## Exercise
Repeat all entries word for word; skip images.

(Information supplied)

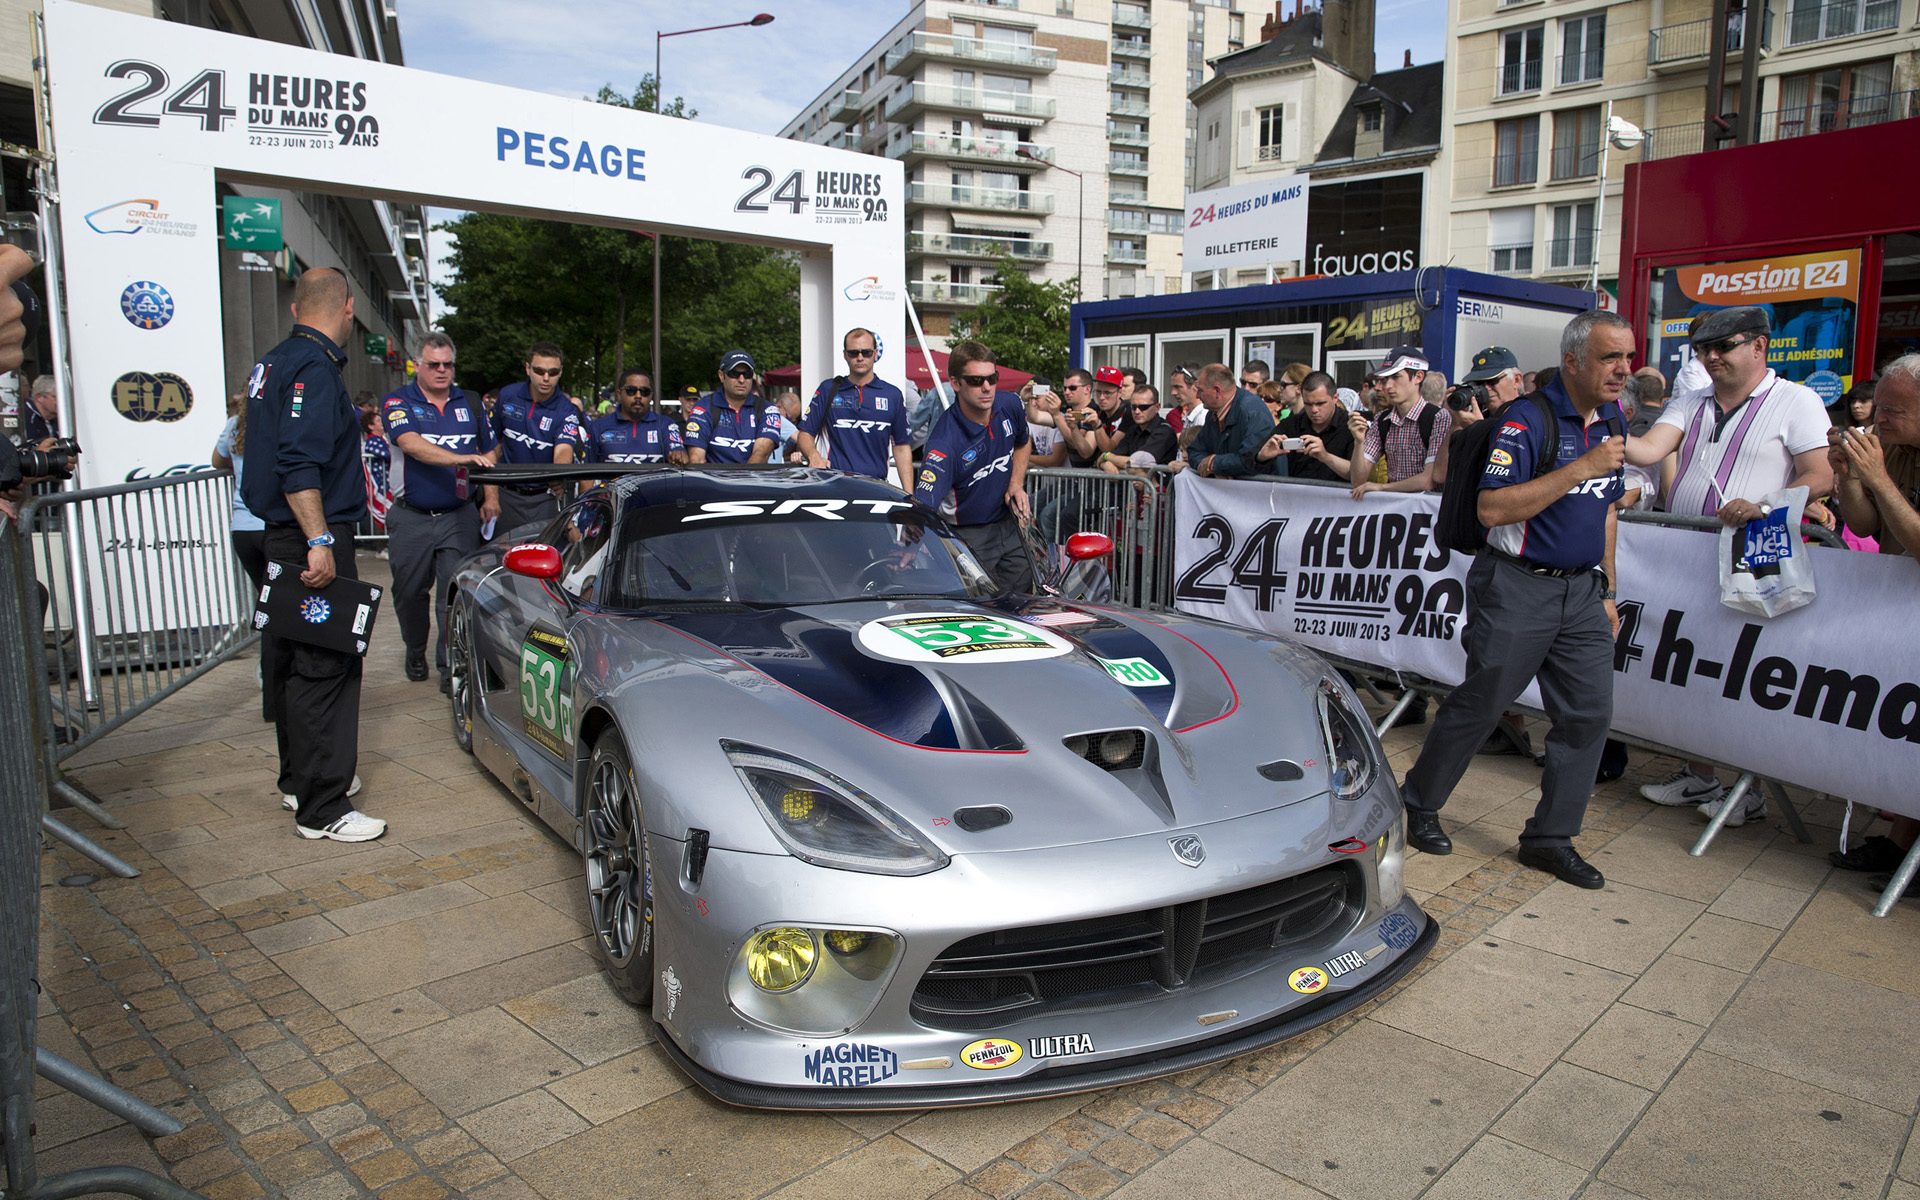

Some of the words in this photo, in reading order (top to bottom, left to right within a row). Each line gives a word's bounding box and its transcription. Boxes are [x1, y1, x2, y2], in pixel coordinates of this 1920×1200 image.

[92, 58, 236, 132] 24
[250, 72, 366, 112] HEURES
[248, 108, 273, 124] DU
[280, 110, 328, 128] MANS
[249, 136, 280, 147] 22-23
[283, 138, 306, 148] JUIN
[309, 139, 334, 149] 2013
[352, 134, 378, 147] ANS
[496, 126, 646, 181] PESAGE
[734, 164, 810, 214] 24
[816, 171, 881, 196] HEURES
[816, 196, 829, 208] DU
[833, 196, 860, 208] MANS
[1189, 204, 1216, 228] 24
[1218, 199, 1252, 220] HEURES
[1254, 194, 1268, 210] DU
[1272, 184, 1302, 204] MANS
[128, 210, 169, 220] CIRCUIT
[156, 220, 198, 230] HEURES
[816, 216, 832, 224] 22-23
[872, 212, 887, 222] ANS
[146, 226, 162, 234] DU
[164, 228, 196, 238] MANS
[1205, 237, 1278, 256] BILLETTERIE
[1697, 264, 1800, 295] Passion
[1809, 264, 1841, 286] 24
[1372, 300, 1416, 324] HEURES
[1324, 312, 1368, 348] 24
[1372, 322, 1380, 332] DU
[1382, 319, 1400, 330] MANS
[1786, 348, 1843, 361] ADHÉSION
[833, 419, 891, 434] SRT
[420, 434, 476, 449] SRT
[503, 428, 553, 450] SRT
[710, 437, 755, 452] SR
[605, 454, 663, 464] SRT
[680, 500, 914, 522] SRT
[1176, 513, 1290, 612] 24
[1296, 572, 1325, 600] DU
[1330, 574, 1392, 603] MANS
[901, 622, 1028, 646] 53
[1294, 618, 1326, 636] 22-23
[1329, 620, 1358, 638] JUIN
[1360, 623, 1390, 642] 2013
[1412, 612, 1458, 640] ANS
[942, 645, 970, 656] 24
[1104, 658, 1160, 681] PRO
[522, 648, 556, 730] 53
[1322, 950, 1367, 978] ULTRA
[1296, 970, 1321, 990] PENNZOIL
[804, 1043, 898, 1071] MAGNETI
[970, 1044, 1014, 1062] PENNZOIL
[1027, 1033, 1096, 1060] ULTRA
[804, 1060, 898, 1088] MARELLI

(End Information supplied)

## Response to the exercise
Some of the words in this photo, in reading order (top to bottom, left to right within a row). Each line gives a word's bounding box and its transcription. Boxes are [x1, y1, x2, y2], in pixel coordinates of this 1920×1200 image.

[92, 58, 236, 132] 24
[250, 72, 366, 112] HEURES
[248, 108, 273, 124] DU
[280, 110, 328, 128] MANS
[249, 136, 280, 147] 22-23
[283, 138, 306, 148] JUIN
[309, 139, 334, 149] 2013
[352, 134, 378, 147] ANS
[496, 126, 646, 181] PESAGE
[734, 164, 810, 214] 24
[816, 171, 881, 196] HEURES
[816, 196, 829, 208] DU
[833, 196, 860, 208] MANS
[1189, 204, 1216, 228] 24
[1218, 199, 1252, 220] HEURES
[1254, 194, 1268, 210] DU
[1272, 184, 1302, 204] MANS
[128, 210, 169, 220] CIRCUIT
[156, 220, 198, 230] HEURES
[816, 216, 832, 224] 22-23
[872, 212, 887, 222] ANS
[146, 226, 162, 234] DU
[164, 228, 196, 238] MANS
[1205, 237, 1278, 256] BILLETTERIE
[1697, 264, 1800, 295] Passion
[1809, 264, 1841, 286] 24
[1372, 300, 1416, 324] HEURES
[1324, 312, 1368, 348] 24
[1372, 322, 1380, 332] DU
[1382, 319, 1400, 330] MANS
[1786, 348, 1843, 361] ADHÉSION
[833, 419, 891, 434] SRT
[420, 434, 476, 449] SRT
[503, 428, 553, 450] SRT
[710, 437, 755, 452] SR
[605, 454, 663, 464] SRT
[680, 500, 914, 522] SRT
[1176, 513, 1290, 612] 24
[1296, 572, 1325, 600] DU
[1330, 574, 1392, 603] MANS
[901, 622, 1028, 646] 53
[1294, 618, 1326, 636] 22-23
[1329, 620, 1358, 638] JUIN
[1360, 623, 1390, 642] 2013
[1412, 612, 1458, 640] ANS
[942, 645, 970, 656] 24
[1104, 658, 1160, 681] PRO
[522, 648, 556, 730] 53
[1322, 950, 1367, 978] ULTRA
[1296, 970, 1321, 990] PENNZOIL
[804, 1043, 898, 1071] MAGNETI
[970, 1044, 1014, 1062] PENNZOIL
[1027, 1033, 1096, 1060] ULTRA
[804, 1060, 898, 1088] MARELLI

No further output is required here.